Entonces doña Anuncia, la hermana mayor, escribió a don Carlos, porque el caso era apurado. No le contaba el lance de la deshonra c por b, porque ni sabía cómo había sido, ni era decente referir a un padre tales escándalos, ni una señorita, una soltera, aunque tuviese más de cuarenta años, podía descender a ciertos pormenores. Se le escribió a don Carlos nada más que esto: que era preciso llevar consigo a Anita, pues si la niña no vivía al lado de su padre, corría grandes riesgos, si no estaba en peligro inminente, el honor de los Ozores. Don Carlos entonces no podía restituirse a la patria, como él decía.

Pasaron años, pudo y quiso acogerse a una amnistía y volvió desengañado. Doña Camila y Ana se trasladaron a Madrid y allí vivían parte del año los tres juntos, pero el verano y el otoño los pasaban en la quinta de Loreto.

La calumnia con que el aya había querido manchar para siempre la pureza virginal de Anita se fue desvaneciendo; el mundo se olvidó de semejante absurdo, y cuando la niña llegó a los catorce años ya nadie se acordaba de la grosera y cruel impostura, a no ser el aya, su hombre, que seguía esperando, y las tías de Vetusta. Pero se acordaba y mucho Ana misma. Al principio la calumnia habíale hecho poco daño, era una de tantas injusticias de doña Camila; pero poco a poco fue entrando en su espíritu una sospecha, aplicó sus   —109→   potencias con intensidad increíble al enigma que tanta influencia tenía en su vida, que a tantas precauciones obligaba al aya; quiso saber lo que era aquel pecado de que la acusaban, y en la maldad de doña Camila y en la torpe vida, mal disimulada, de esta mujer, se afiló la malicia de la niña que fue comprendiendo en qué consistía tener honor y en qué perderlo; y como todos daban a entender que su aventura de la barca de Trébol había sido una vergüenza, su ignorancia dio por cierto su pecado.

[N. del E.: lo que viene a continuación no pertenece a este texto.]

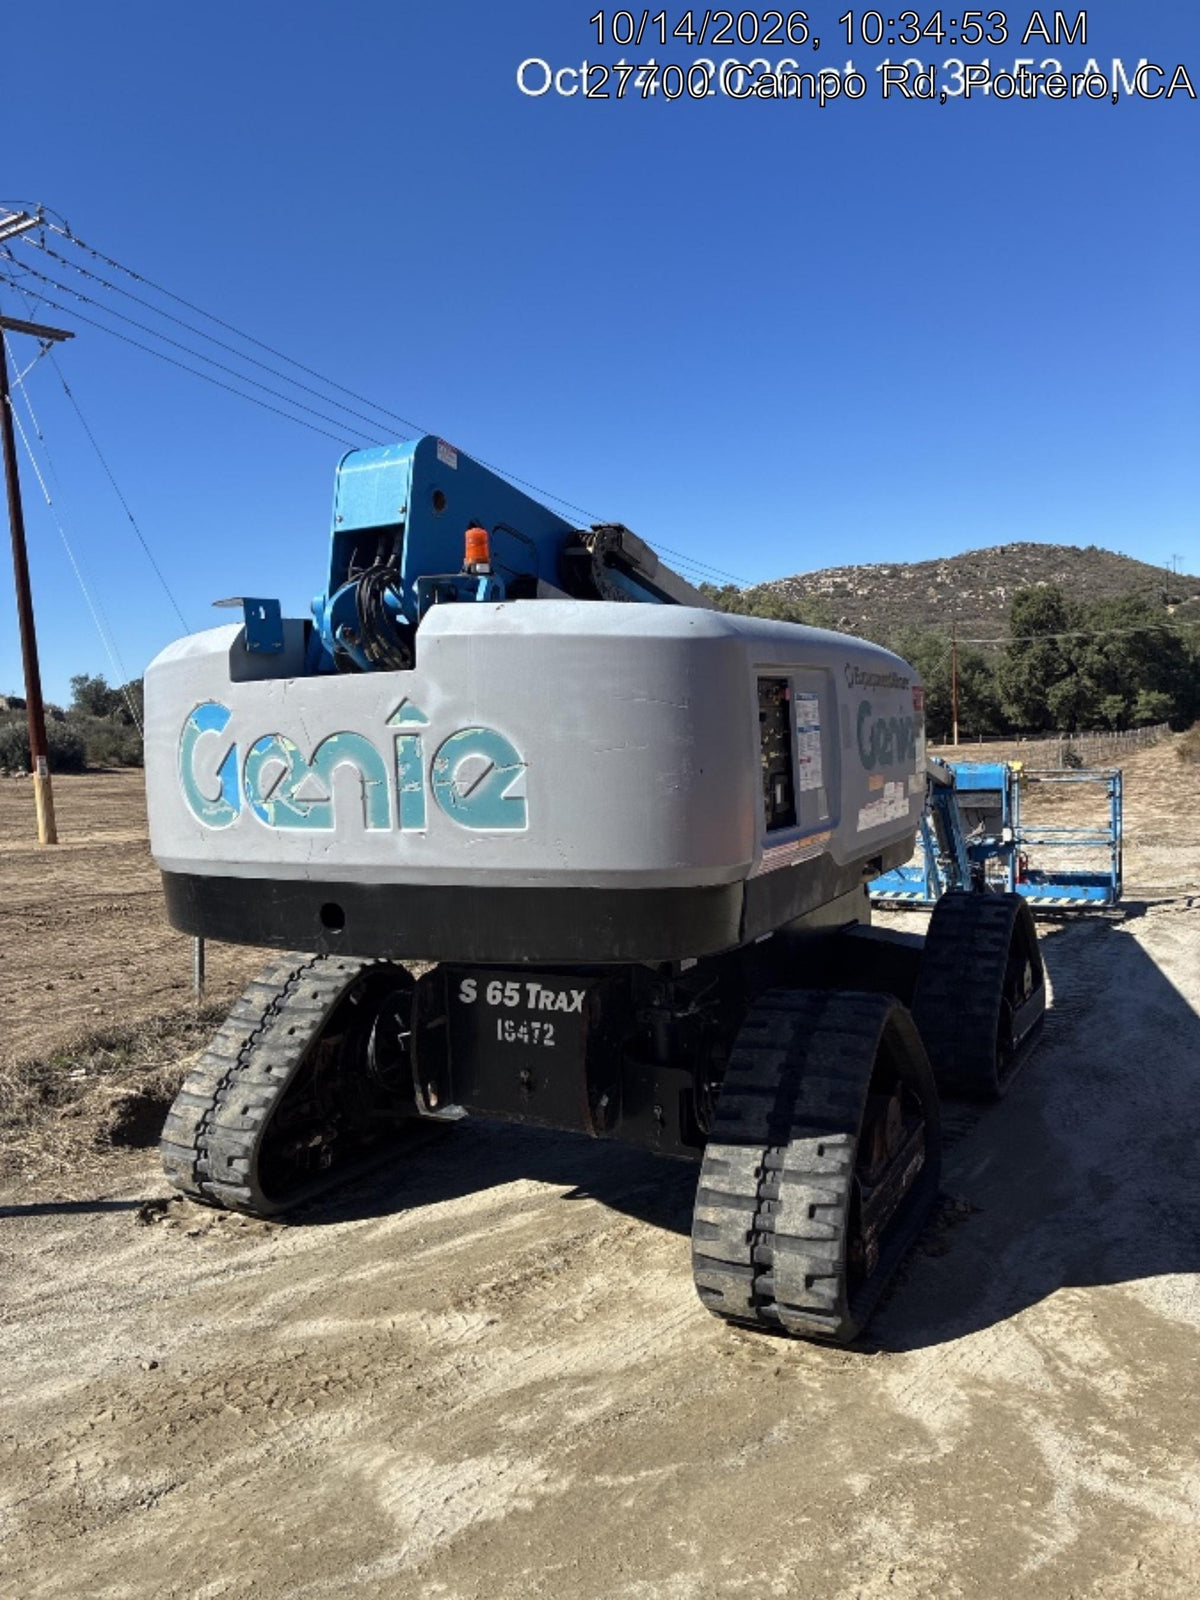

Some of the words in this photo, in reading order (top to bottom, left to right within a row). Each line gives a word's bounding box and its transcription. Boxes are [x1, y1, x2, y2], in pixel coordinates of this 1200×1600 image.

[179, 698, 530, 834] Genie
[459, 978, 478, 1003] S
[486, 980, 521, 1008] 65

Mucho después, cuando su inocencia perdió el último velo y pudo ella ver claro, ya estaba muy lejos aquella edad; recordaba vagamente su amistad con el niño de Colondres, sólo distinguía bien el recuerdo del recuerdo, y dudaba, dudaba si había sido culpable de todo aquello que decían. Cuando ya nadie pensaba en tal cosa, pensaba ella todavía y confundiendo actos inocentes con verdaderas culpas, de todo iba desconfiando. Creyó en una gran injusticia que era la ley del mundo, porque Dios quería, tuvo miedo de lo que los hombres opinaban de todas las acciones, y contradiciendo poderosos instintos de su naturaleza, vivió en perpetua escuela de disimulo, contuvo los impulsos de espontánea alegría; y ella, antes altiva, capaz de oponerse al mundo entero, se declaró vencida, siguió la conducta moral que se le impuso, sin discutirla, ciegamente, sin fe en ella, pero sin hacer traición nunca.

Ya era así cuando su padre volvió de la emigración. No le satisfizo aquel carácter.

¿No se le había dicho que la niña era un peligro para el honor de los Ozores? Pues él veía, por el contrario, una muchacha demasiado tímida y reservada, de una prudencia exagerada para sus años. Ya le pesaba de haber entregado su hija a la gazmoñería inglesa que,   —110→   según él, no servía para la raza latina. Volvía de la emigración muy latino. Afortunadamente allí estaba él para corregir aquella educación viciosa. Despidió a doña Camila y se encargó de la instrucción de su hija. En el extranjero se había hecho don Carlos más filósofo y menos político. Para España no había salvación. Era un pueblo gastado. América se tragaba a Europa, además. Le preocupaban mucho las carnes en conserva que venían de los Estados Unidos.

-«Nos comen, nos comen. Somos pobres, muy pobres, unos miserables que sólo entendemos de tomar el sol».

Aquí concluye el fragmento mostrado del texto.